【閑話】エリザベート、入学試験を受ける
本日は快晴。雲一つない青空で爛々と光り輝く太陽は木枯らしが吹きすさぶ冬の街を暖かく照らしている。
「ふぅー。いよいよ今日ですか……」
エリザベートはベッドから起き上がると伸びをする。いつもならそんな快晴の空を見て清々しい気分になるだろうが、今日に限っては不安の朝に他ならなかった。彼女にとっては少なくとも希望の朝ではないようだ。何故なら今日、学院の入学がかかる試験が行われるからだ。

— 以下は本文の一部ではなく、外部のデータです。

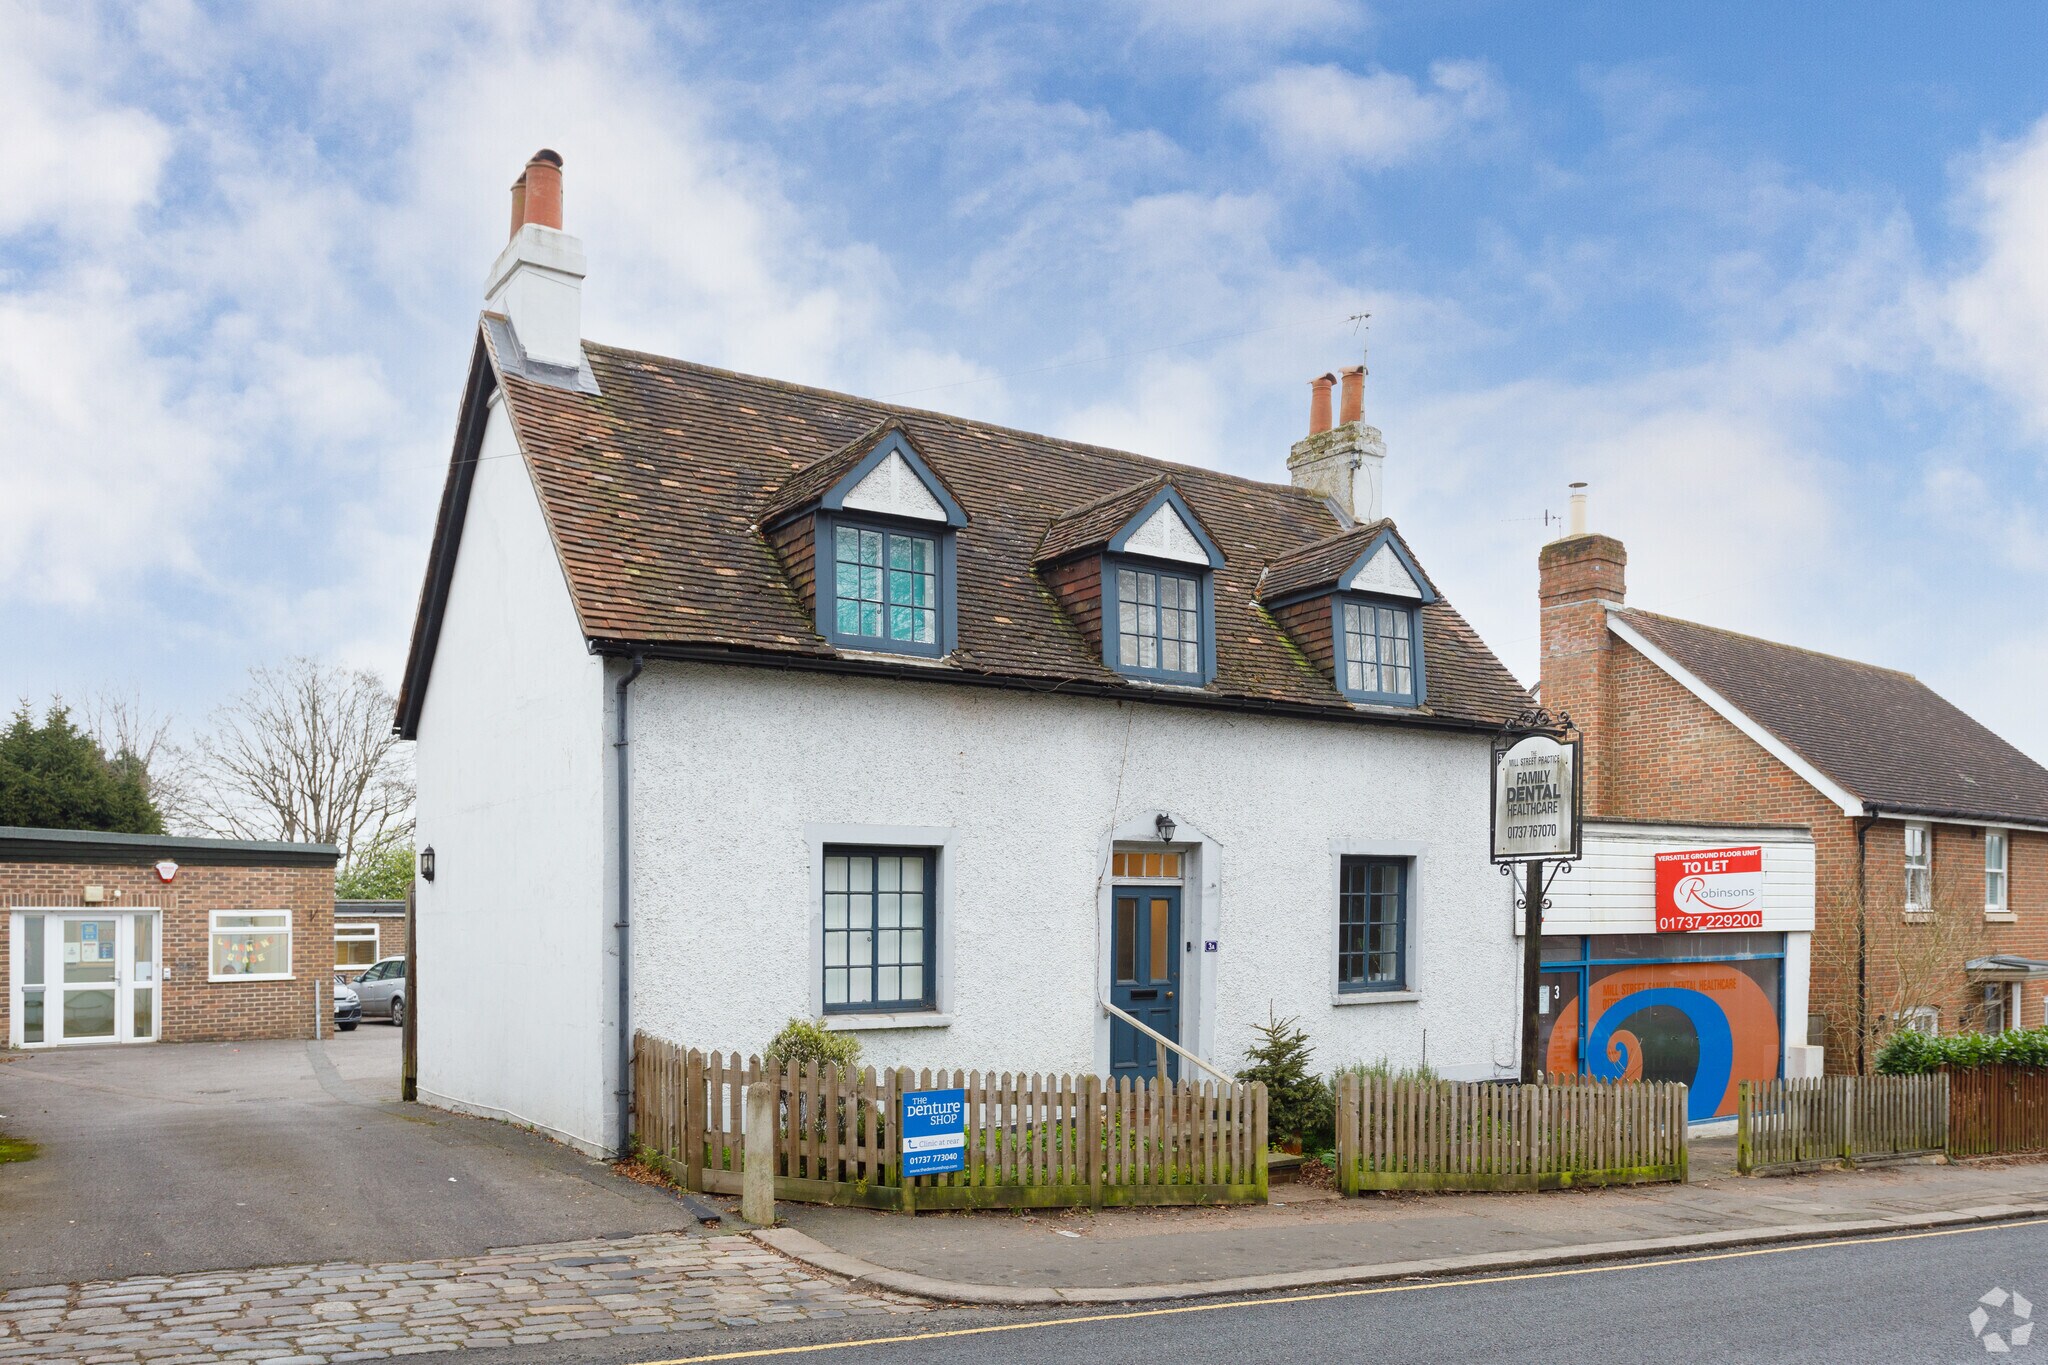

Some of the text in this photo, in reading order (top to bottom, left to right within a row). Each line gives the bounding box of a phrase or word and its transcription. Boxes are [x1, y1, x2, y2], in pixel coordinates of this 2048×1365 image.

[1520, 756, 1537, 766] STREET
[1538, 754, 1560, 765] PRACTICE
[1516, 770, 1550, 785] FAMILY
[1506, 784, 1561, 802] DENTAL
[1507, 801, 1558, 817] HEALTHCARE
[1657, 854, 1690, 862] VERSATILE
[1690, 851, 1719, 859] GROUND
[1720, 850, 1741, 858] FLOOR
[1683, 860, 1729, 873] TO LET
[1680, 877, 1756, 909] Robinsons
[1660, 913, 1760, 930] 01737 229200
[1554, 985, 1560, 1000] 3
[1602, 984, 1618, 996] MILL
[1699, 978, 1736, 990] HEALTHCARE
[930, 1114, 957, 1126] SHOP
[919, 1140, 937, 1148] Clinic
[910, 1153, 957, 1165] 01737 773040
[910, 1164, 957, 1173] www.thedentureshop.com

やるべきことはやった。しかし、言いようのない不安な気持ちを払拭することはできなかった。「失敗したらどうしよう」、そんな気持ちが彼女の中で渦巻いていた。しかし、貴族たる者、常に強くあらねばならない。故に彼女はそんな不安な気持ちを押し込め、貴族の皮をかぶるのだった。
エリザベートは宿泊している宿を出る。そして、セバスチャンと数人の護衛とともに試験会場の【ウィッカ魔法学院】へと向かうのだった。

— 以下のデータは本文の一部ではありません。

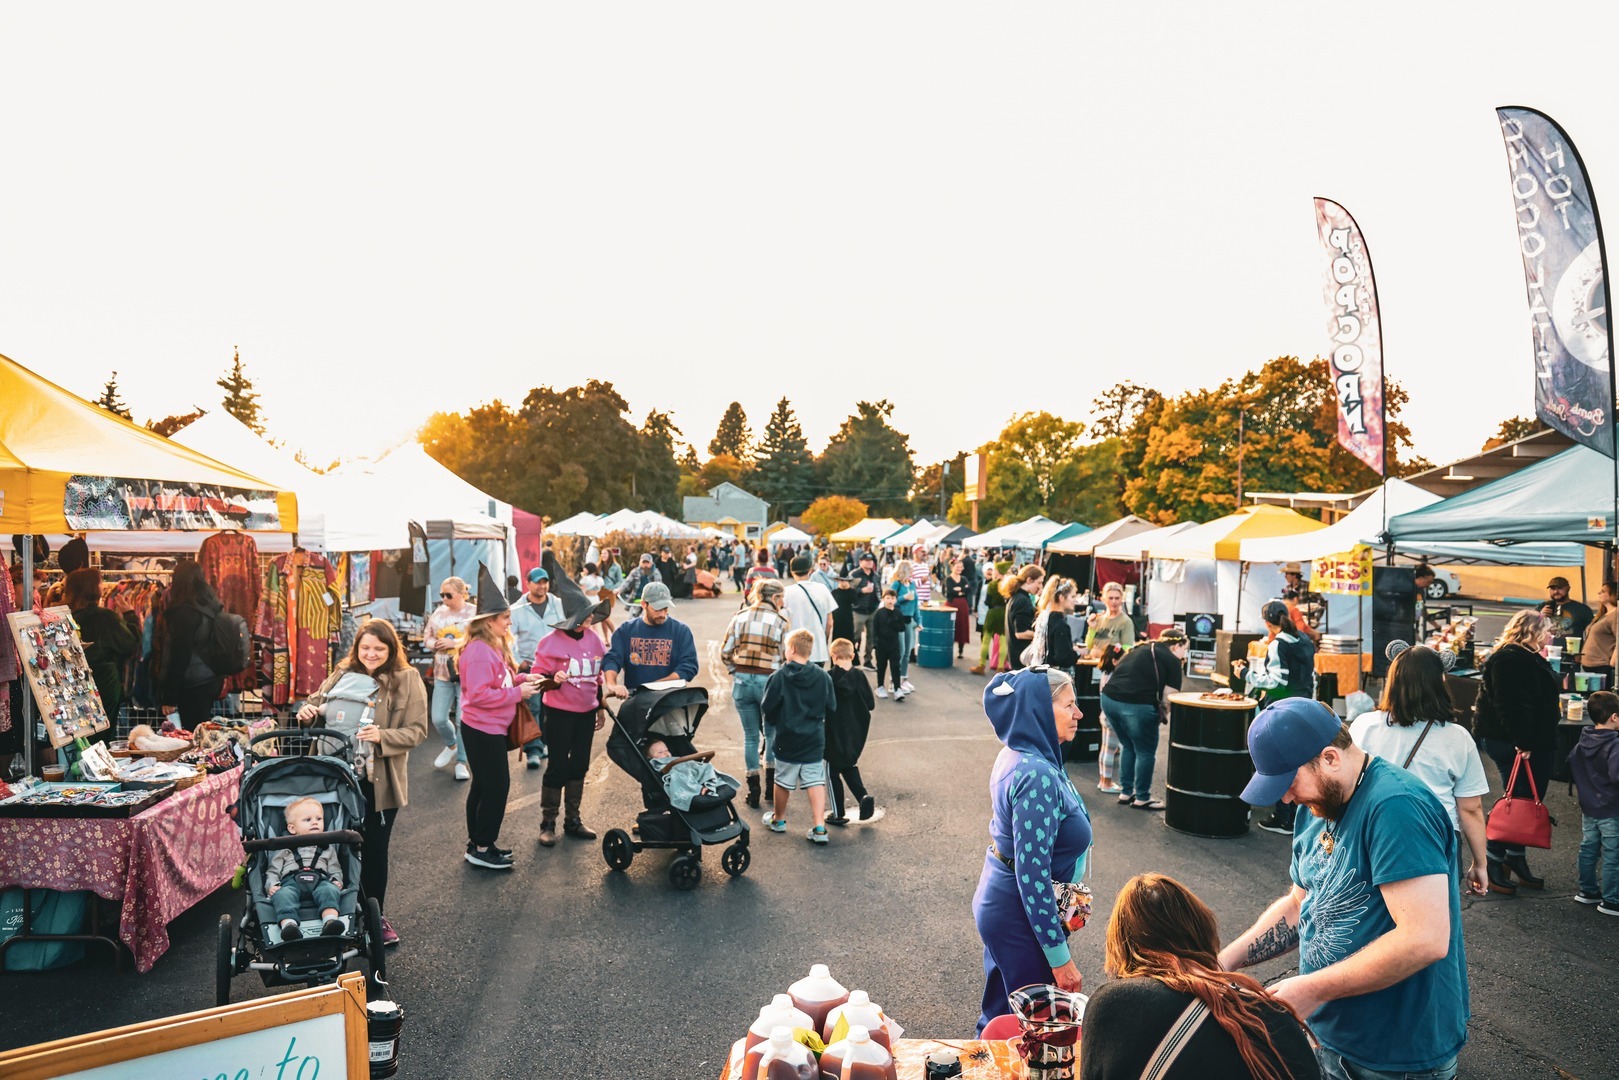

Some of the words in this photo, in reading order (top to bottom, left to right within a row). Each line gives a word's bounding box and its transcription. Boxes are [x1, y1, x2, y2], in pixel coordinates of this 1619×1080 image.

[1319, 561, 1361, 580] PIES
[630, 637, 673, 653] WESTERN
[275, 1036, 321, 1080] to

入学試験は今日1日で行われる。最初は筆記試験、その後に魔法の実技試験だ。筆記試験は午前9時から始まり1時間の休憩を挟んでの計6時間、実技試験はその後すぐに行われる。試験の結果は翌日に発表されるそうだ。
なんでも高速で採点してくれる魔道具があるらしく、1日での採点が可能なのだとか。その魔道具はその昔、採点業務に追われた教師陣が叡智を結集して苦節2年で作り上げたそうだ。だが、その時の教師陣の姿は「狂気に取り憑かれたようで見ていてとても怖かった」と当時の在学生は語る。

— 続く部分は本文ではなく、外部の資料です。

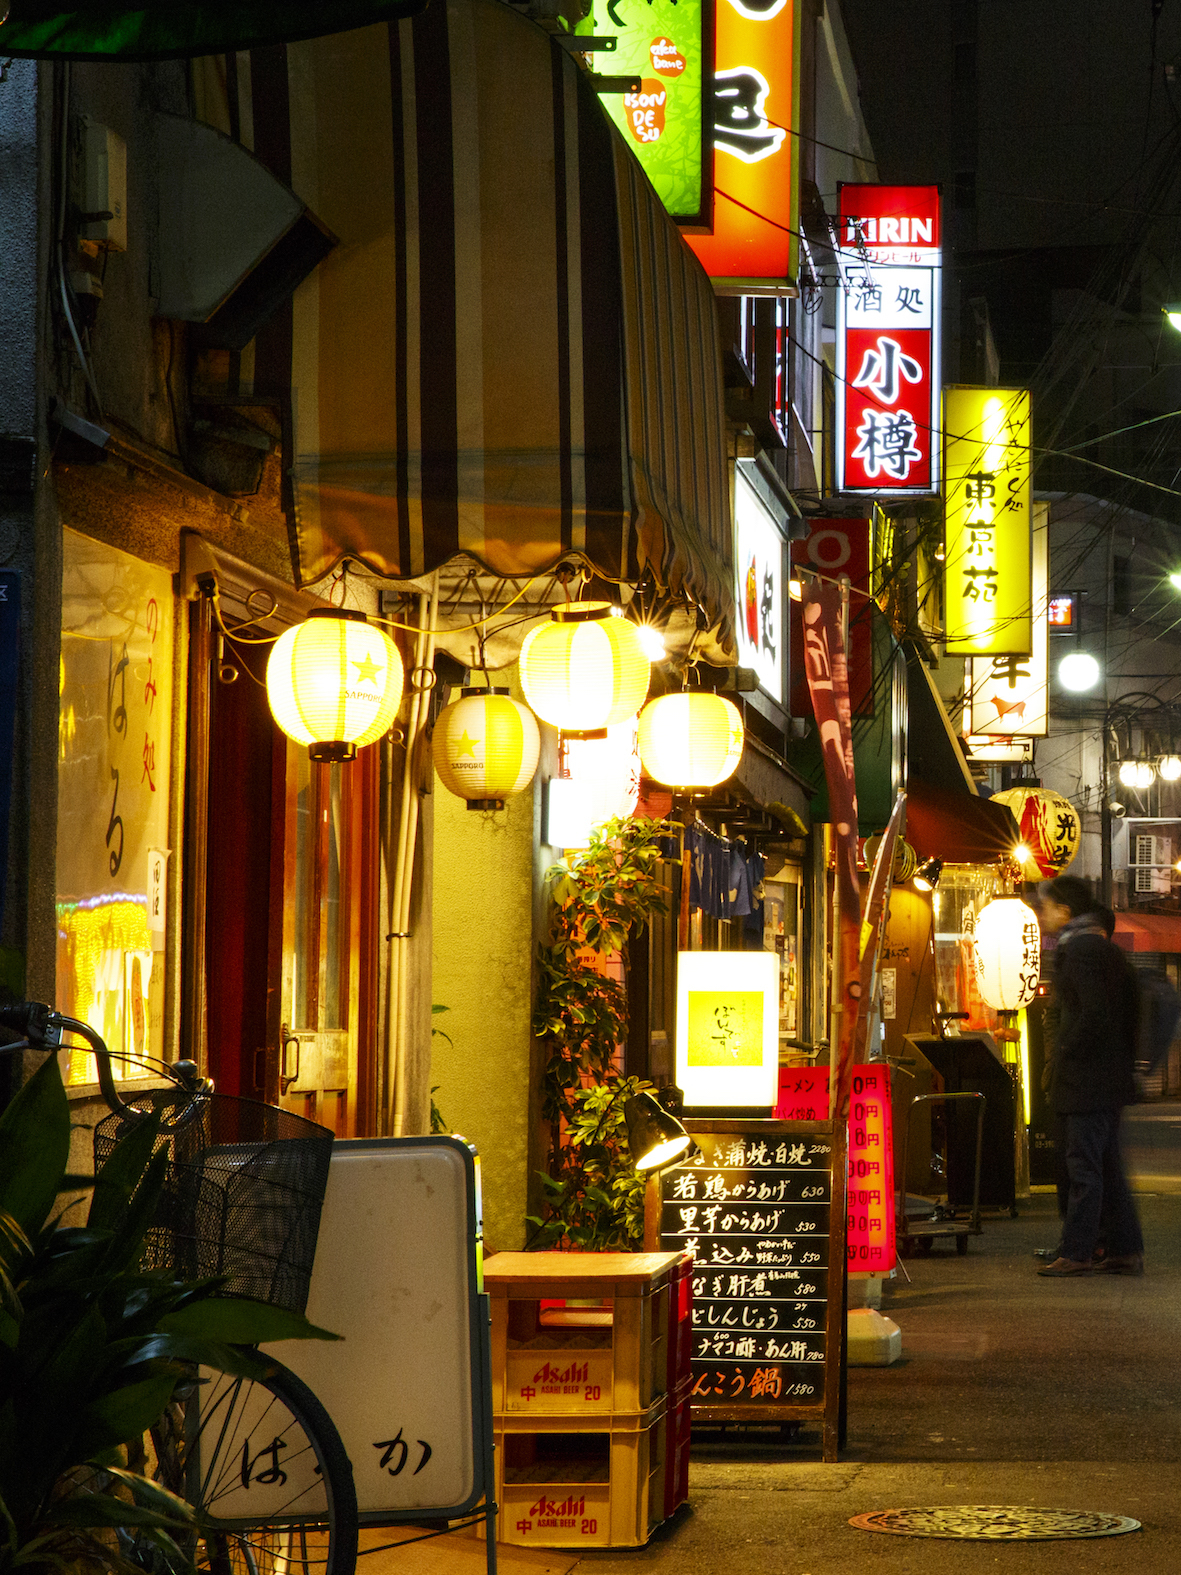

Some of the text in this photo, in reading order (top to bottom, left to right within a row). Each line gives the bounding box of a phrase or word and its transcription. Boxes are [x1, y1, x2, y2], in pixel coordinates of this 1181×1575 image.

[653, 56, 683, 70] bane
[633, 110, 655, 127] DE
[636, 126, 660, 142] SU
[847, 217, 932, 243] KIRIN
[851, 336, 922, 480] 小樽
[962, 470, 999, 603] 東京苑
[808, 1144, 832, 1155] 2280
[801, 1186, 825, 1198] 630
[795, 1221, 816, 1232] 530
[800, 1252, 821, 1264] 550
[794, 1283, 816, 1295] 580
[792, 1317, 816, 1329] 550
[713, 1332, 730, 1341] 600
[806, 1351, 825, 1361] 780
[533, 1362, 589, 1384] Asahi
[521, 1386, 601, 1401] 中 ASAHI BEER 20
[785, 1383, 815, 1396] 1580
[529, 1495, 585, 1517] Asahi
[516, 1519, 597, 1535] 中 ASAHI BEER 20

グレイは後にこの話を偶然耳にした時「人の執念は凄まじいな……」としみじみ思うのだが、それはまた別の話だ。
歩いていると、やがて前方に学院が見えてきた。
「あれが学院ですか……。昨日もチラリとは見ましたが中々に大きいですね」
「はい。【フランツ王国】で最大の規模を誇る学校ですからね。ちなみに私もこちらを卒業したんですよ」
「そうだったのですか?では、セバスチャンは魔法が使えるのですか?見たことないですが……」
「ええ。多少は扱えます。ただ私は魔法よりも剣に才能がありましたのでそちらが主となりますが」
「そうなのですか」
話していると、やがて学院に到着した。エリザベートはそのまま試験会場へと向かう。セバスチャンと護衛は専用の部屋が用意されているらしくそちらに向かっていった。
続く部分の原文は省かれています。